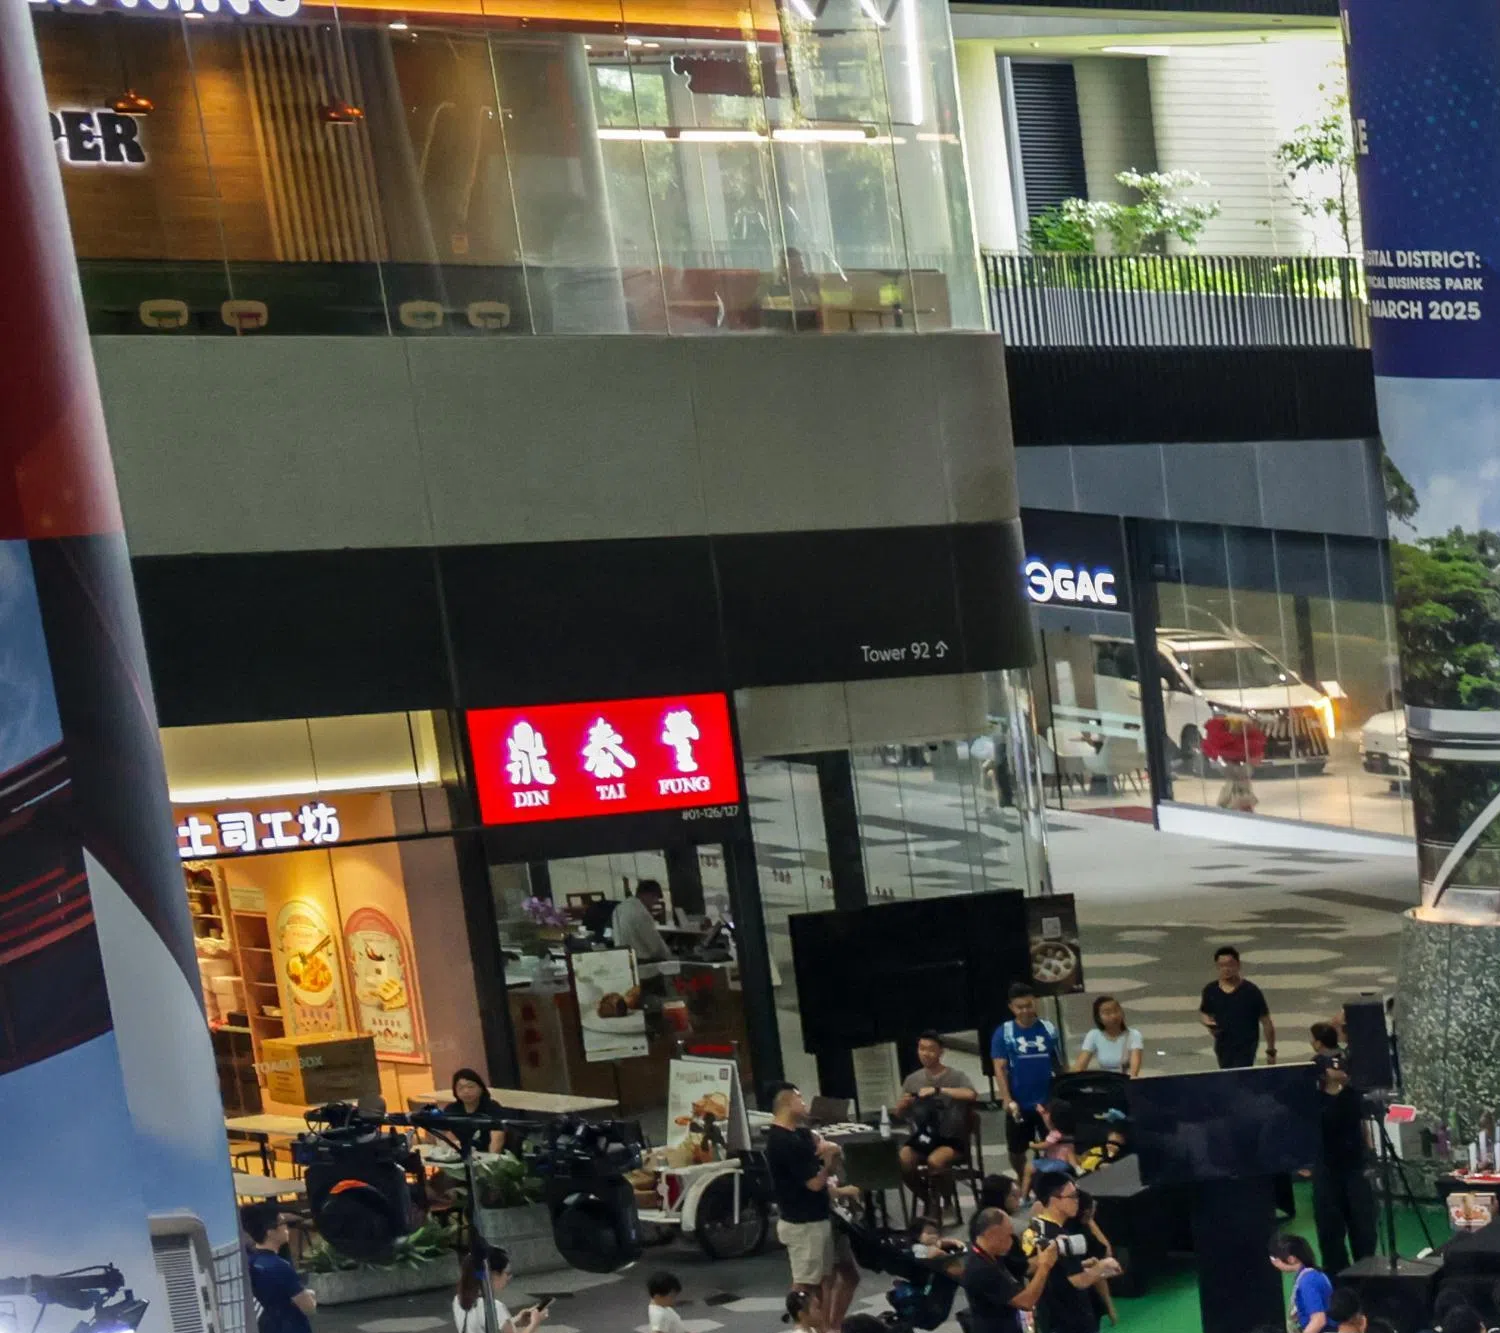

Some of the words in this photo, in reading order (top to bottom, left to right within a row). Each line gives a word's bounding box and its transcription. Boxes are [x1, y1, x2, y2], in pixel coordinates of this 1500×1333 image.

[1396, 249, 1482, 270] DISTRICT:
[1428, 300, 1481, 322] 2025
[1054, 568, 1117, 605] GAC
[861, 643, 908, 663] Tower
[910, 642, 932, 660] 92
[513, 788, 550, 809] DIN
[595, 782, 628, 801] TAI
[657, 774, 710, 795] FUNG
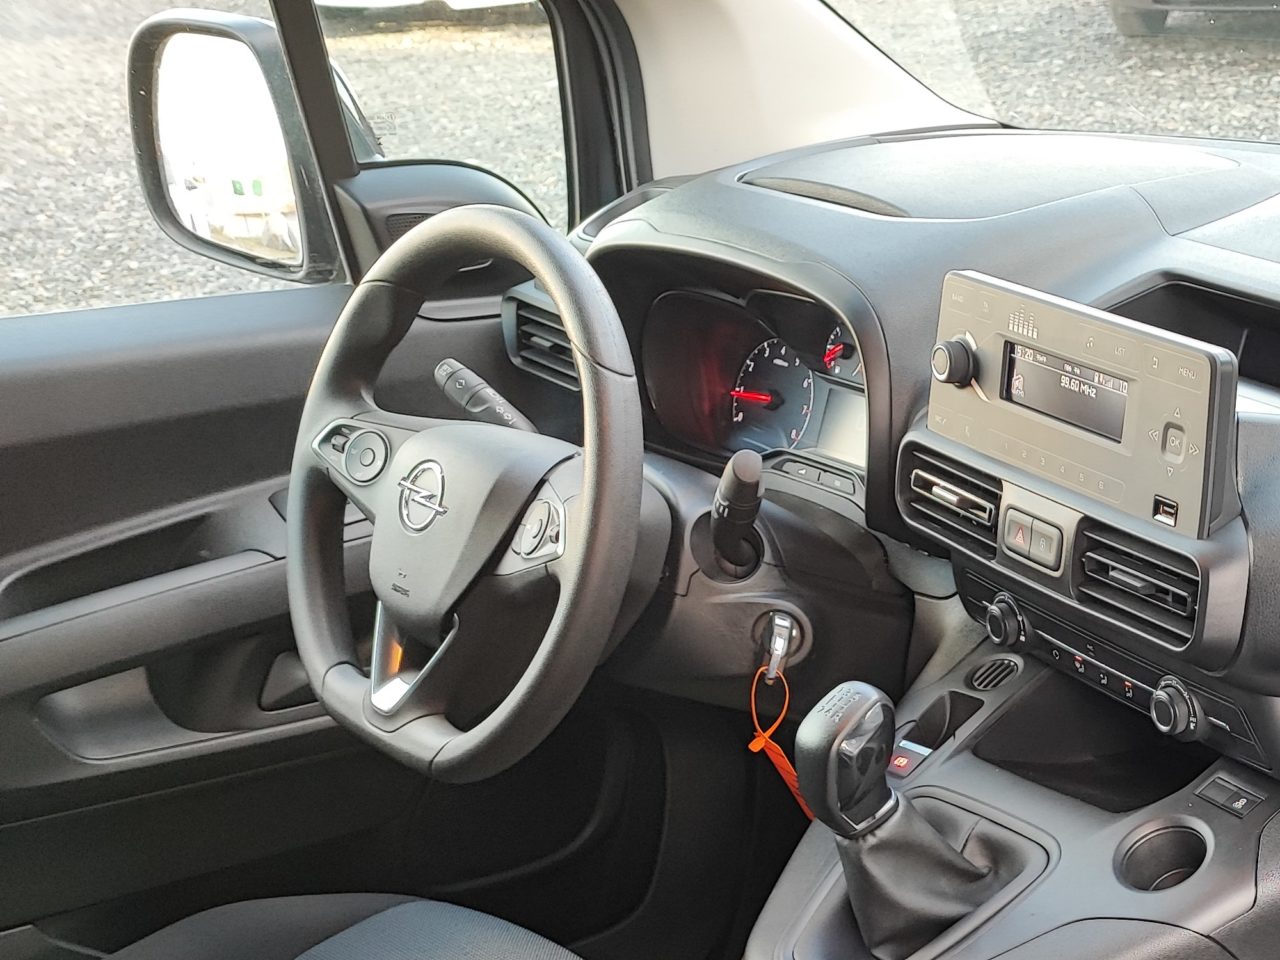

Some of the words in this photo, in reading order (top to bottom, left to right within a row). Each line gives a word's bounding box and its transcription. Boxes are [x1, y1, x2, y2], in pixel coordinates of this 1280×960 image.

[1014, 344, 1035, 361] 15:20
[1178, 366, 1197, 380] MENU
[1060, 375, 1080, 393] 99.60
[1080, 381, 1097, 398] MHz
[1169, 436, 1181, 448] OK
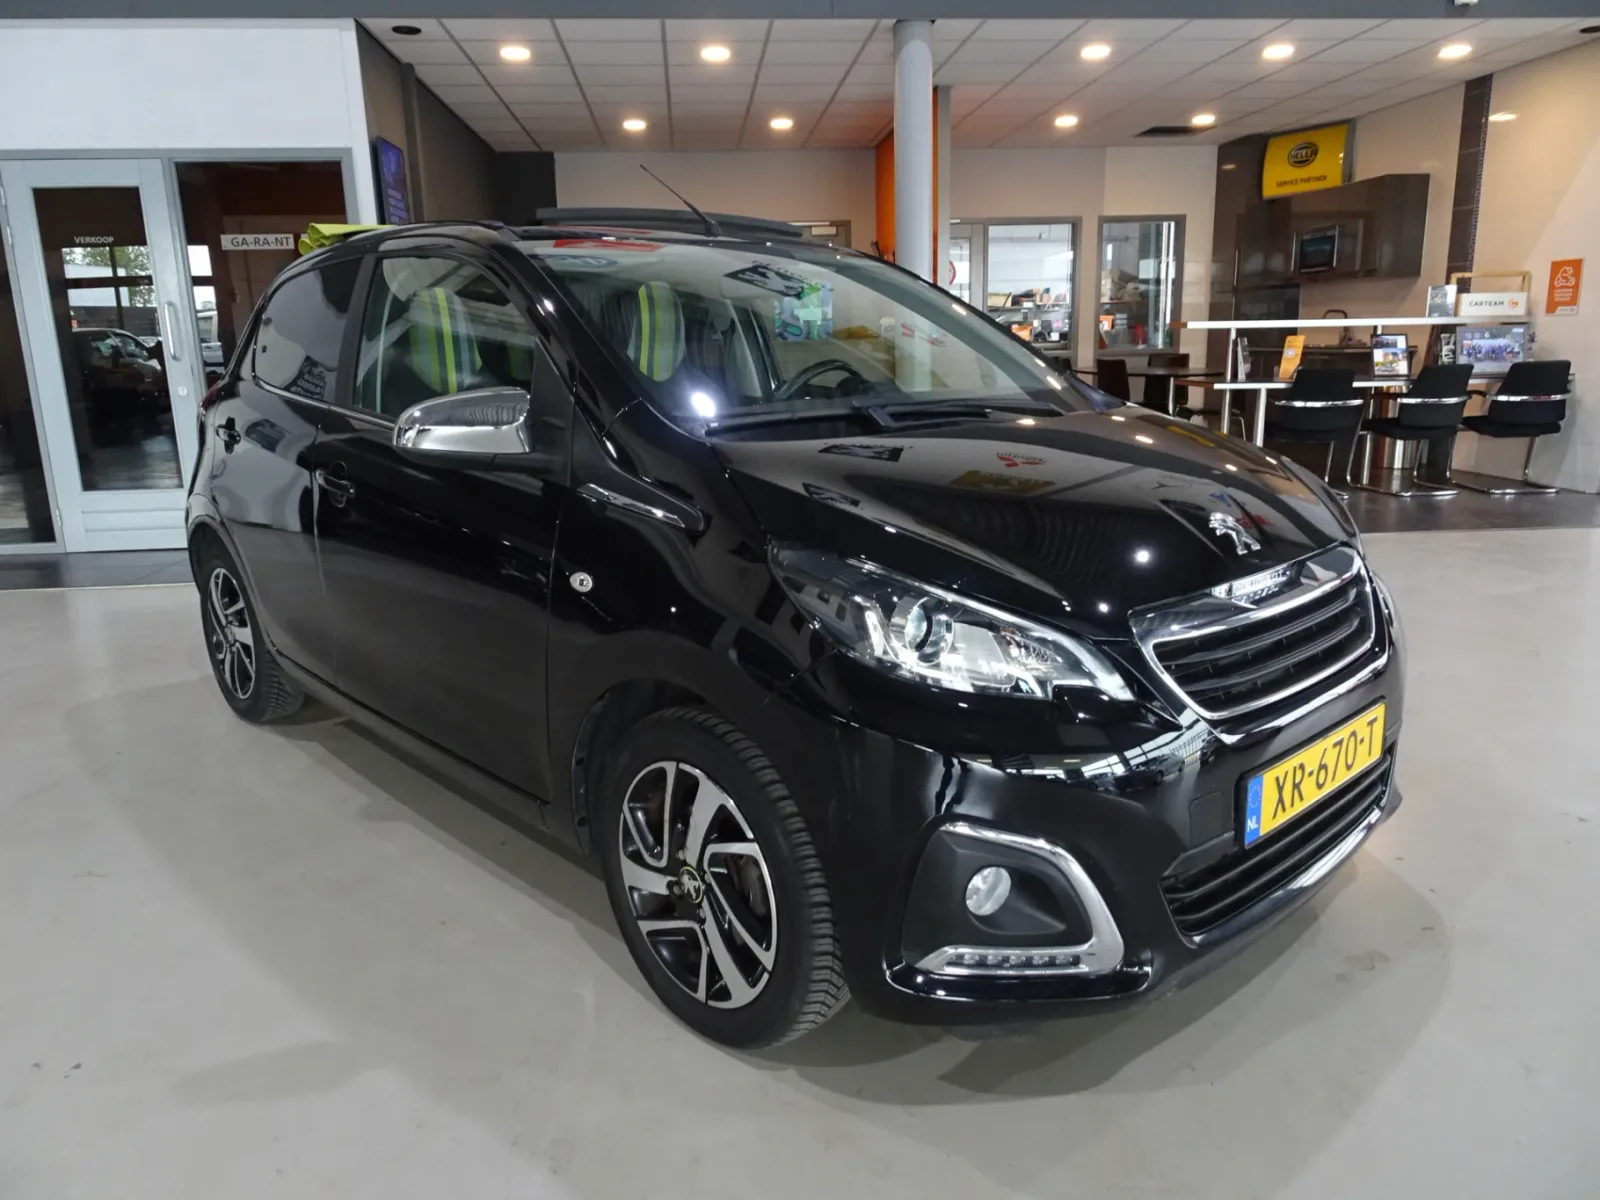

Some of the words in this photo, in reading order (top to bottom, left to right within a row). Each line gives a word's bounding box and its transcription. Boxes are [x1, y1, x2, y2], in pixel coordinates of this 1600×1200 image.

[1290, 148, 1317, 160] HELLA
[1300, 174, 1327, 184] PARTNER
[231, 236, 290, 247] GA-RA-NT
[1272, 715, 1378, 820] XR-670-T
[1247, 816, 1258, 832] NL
__________________________________________________
PROBLEM STATEMENT: The entries are to be transcribed word for word, without their images.

OUTPUT:
Some of the words in this photo, in reading order (top to bottom, left to right within a row). Each line gives a word's bounding box and its transcription. Boxes are [x1, y1, x2, y2], in pixel coordinates of this 1500×1333 image.

[1396, 249, 1482, 270] DISTRICT:
[1428, 300, 1481, 322] 2025
[1054, 568, 1117, 605] GAC
[861, 643, 908, 663] Tower
[910, 642, 932, 660] 92
[513, 788, 550, 809] DIN
[595, 782, 628, 801] TAI
[657, 774, 710, 795] FUNG

Some of the words in this photo, in reading order (top to bottom, left to right within a row). Each line gives a word's bounding box and its transcription. Boxes are [x1, y1, x2, y2], in pixel coordinates of this 1280×960 image.

[1014, 344, 1035, 361] 15:20
[1178, 366, 1197, 380] MENU
[1060, 375, 1080, 393] 99.60
[1080, 381, 1097, 398] MHz
[1169, 436, 1181, 448] OK

Some of the words in this photo, in reading order (top to bottom, left to right within a row). Each line gives a word's bounding box and its transcription. Boxes are [x1, y1, x2, y2], in pixel coordinates of this 1600×1200 image.

[1290, 148, 1317, 160] HELLA
[1300, 174, 1327, 184] PARTNER
[231, 236, 290, 247] GA-RA-NT
[1272, 715, 1378, 820] XR-670-T
[1247, 816, 1258, 832] NL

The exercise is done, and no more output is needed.